= Arundel Society =

The Arundel Society, often called the Arundel Club, was founded in London in 1849 and named after Thomas Howard, 21st Earl of Arundel, the famous collector of the Arundel marbles and one of the first great English patrons and lovers of the arts. The society was originally the idea of the lawyer Bellenden Ker and was founded at a meeting in the house of the famous painter Charles Eastlake, attended by Eastlake, Ker, Giovanni Aubrey Bezzi, and Edmund Oldfield. The society's purpose was to promote knowledge of the art works of the old Italian, Flemish, and other European masters. Much of the work of the society consisted of publishing chromolithographs of Italian art works, especially fresco paintings, of earlier centuries and raising public awareness for the preservation of these works. One of the people most responsible for furthering the goals of the society was Henry Layard, who joined in 1852. Some of the other important early members were John Ruskin, Charles Thomas Newton, and Henry Liddell.
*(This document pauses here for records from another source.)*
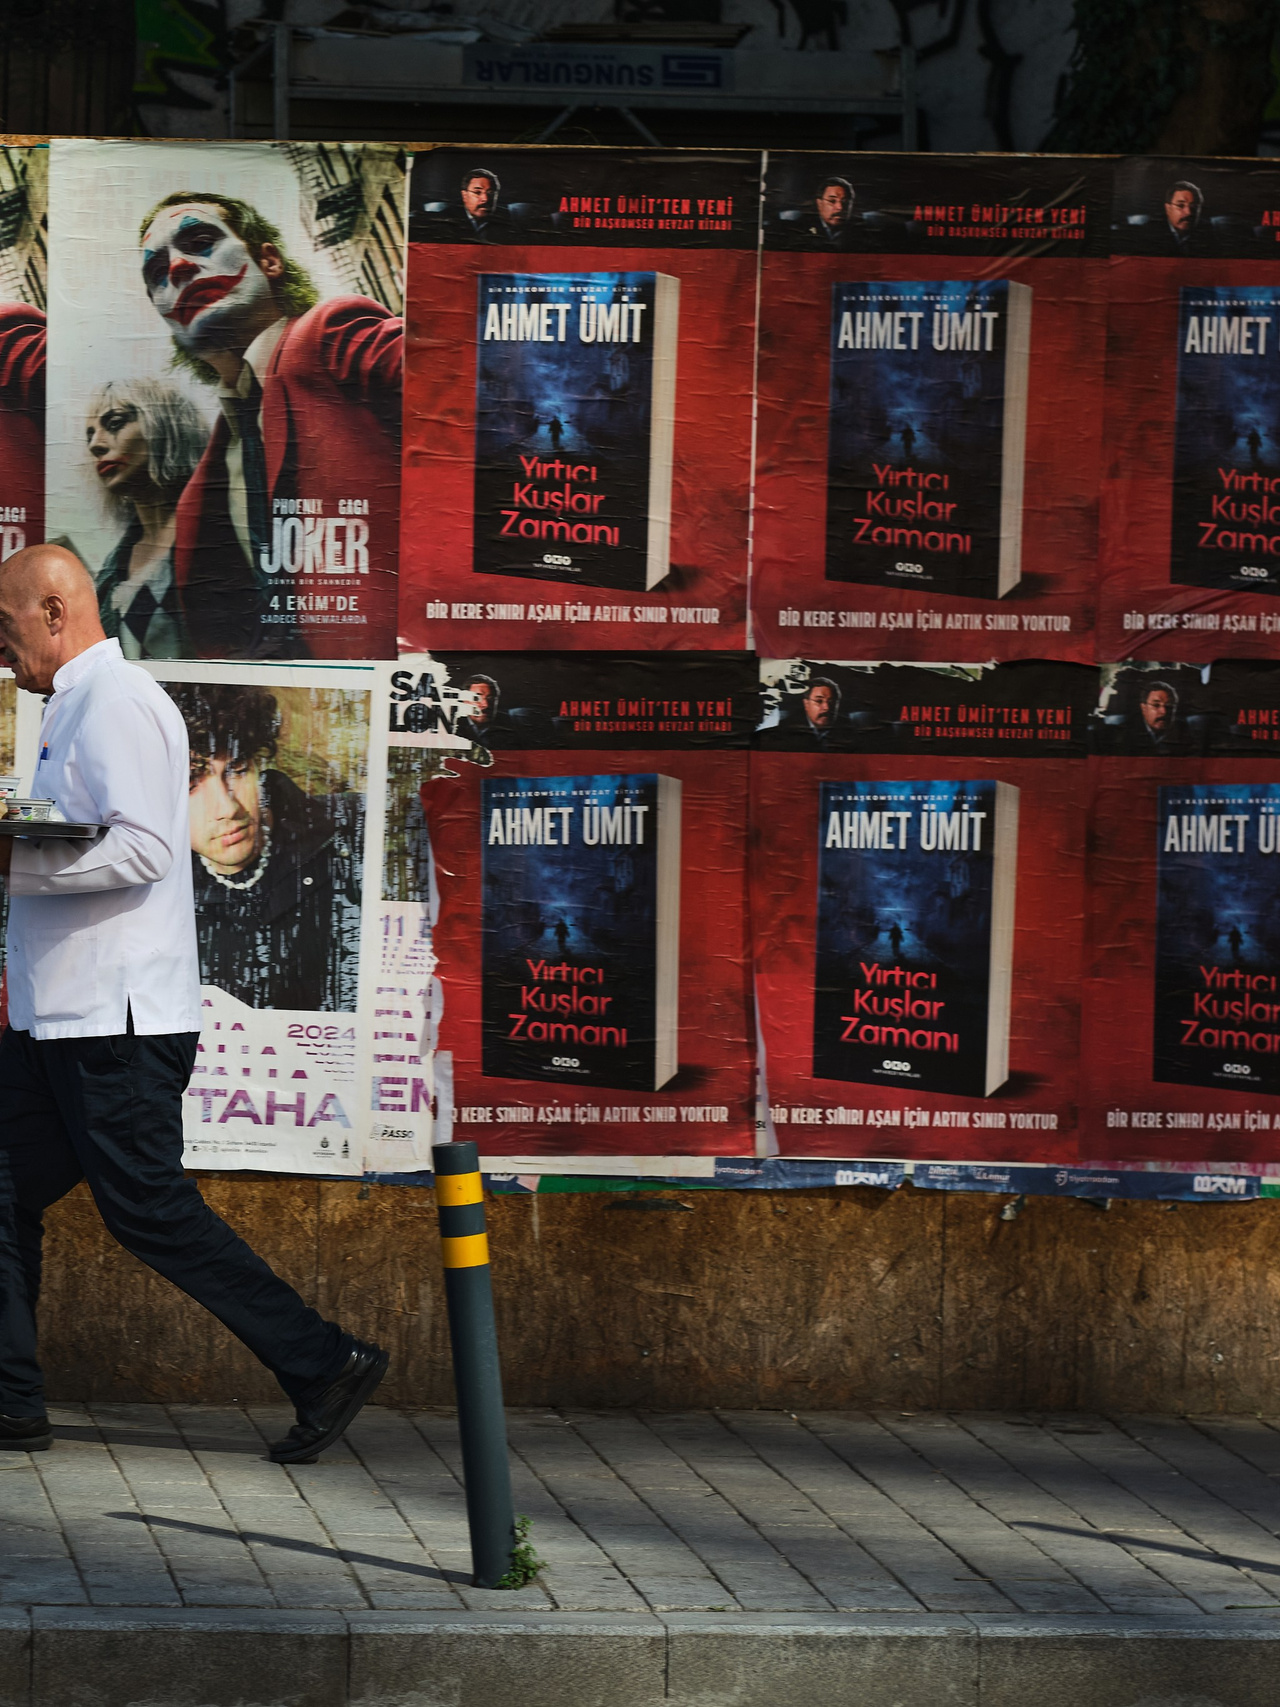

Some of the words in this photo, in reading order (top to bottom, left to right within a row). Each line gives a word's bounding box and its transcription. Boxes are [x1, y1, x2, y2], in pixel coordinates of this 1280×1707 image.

[476, 60, 654, 86] SUNGURLAR
[560, 197, 610, 213] AHMET
[698, 197, 733, 215] YENİ
[913, 206, 965, 222] AHMET
[1051, 206, 1086, 224] YENİ
[658, 219, 694, 230] NEVZAT
[484, 304, 571, 341] AHMET
[580, 296, 647, 342] ÜMİT
[838, 312, 923, 349] AHMET
[933, 304, 999, 351] ÜMİT
[1185, 316, 1271, 355] AHMET
[519, 455, 597, 483] Yırtıcı
[872, 464, 949, 490] Yırtıcı
[273, 498, 323, 514] PHOENIX
[338, 499, 369, 515] GAGA
[514, 483, 605, 517] Kuşlar
[866, 490, 957, 523] Kuşlar
[500, 511, 619, 546] Zamanı
[852, 518, 971, 554] Zamanı
[260, 517, 369, 574] JOKER
[270, 596, 280, 610] 4
[287, 593, 358, 611] EKİM'DE
[426, 600, 448, 619] BİR
[451, 603, 483, 619] KERE
[486, 604, 524, 620] SINIRI
[527, 605, 561, 622] AŞAN
[565, 602, 590, 623] İÇİN
[594, 606, 631, 621] ARTIK
[634, 607, 666, 622] SINIR
[670, 608, 719, 624] YOKTUR
[260, 615, 297, 623] SADECE
[779, 607, 800, 627] BİR
[803, 611, 835, 627] KERE
[838, 611, 875, 628] SINIRI
[879, 611, 913, 631] AŞAN
[917, 610, 942, 631] İÇİN
[946, 613, 982, 629] ARTIK
[986, 614, 1018, 631] SINIR
[1022, 615, 1070, 632] YOKTUR
[389, 703, 458, 734] LON
[560, 701, 610, 717] AHMET
[697, 698, 732, 716] YENİ
[900, 705, 950, 723] AHMET
[1037, 706, 1071, 725] YENİ
[1238, 709, 1279, 725] AHME
[659, 721, 694, 732] NEVZAT
[489, 807, 574, 845] AHMET
[583, 798, 649, 845] ÜMİT
[825, 812, 911, 849] AHMET
[920, 804, 986, 851] ÜMİT
[1164, 815, 1249, 853] AHMET
[526, 959, 604, 985] Yırtıcı
[859, 962, 937, 990] Yırtıcı
[1200, 966, 1276, 992] Yırtıcı
[521, 986, 612, 1018] Kuşlar
[854, 989, 945, 1023] Kuşlar
[288, 1024, 355, 1040] 2024
[508, 1014, 628, 1048] Zamanı
[840, 1016, 959, 1053] Zamanı
[188, 1088, 352, 1128] TAHA
[462, 1107, 493, 1123] KERE
[496, 1107, 534, 1123] SINIRI
[537, 1107, 571, 1125] AŞAN
[574, 1103, 600, 1125] İÇİN
[604, 1107, 640, 1122] ARTIK
[643, 1107, 676, 1123] SINIR
[680, 1107, 728, 1123] YOKTUR
[791, 1108, 823, 1124] KERE
[826, 1107, 863, 1125] SINIRI
[866, 1109, 901, 1129] AŞAN
[904, 1107, 930, 1129] İÇİN
[932, 1111, 970, 1128] ARTIK
[973, 1113, 1006, 1129] SINIR
[1009, 1113, 1058, 1130] YOKTUR
[1107, 1109, 1128, 1128] BİR
[1132, 1112, 1162, 1128] KERE
[1166, 1113, 1203, 1129] SINIRI
[1207, 1113, 1241, 1131] AŞAN
[1245, 1111, 1270, 1132] İÇİN
[381, 1129, 414, 1138] PASSO
Members of the Society's Council in 1877 included Frederick William Burton, Lord Elcho (Francis Charteris), Edward Poynter, George Edmund Street, Philip Charles Hardwick, George Richmond, and the architect John Norton. The society was discontinued in 1897.

==Arundel Club==
The Arundel Club was a society founded in London in 1904 for the purpose of continuing more effectively the work of the Arundel Society, which had encouraged the study of art by reproducing the best works of the old masters. The Arundel Club went further by copying and publishing important works in private collections previously inaccessible.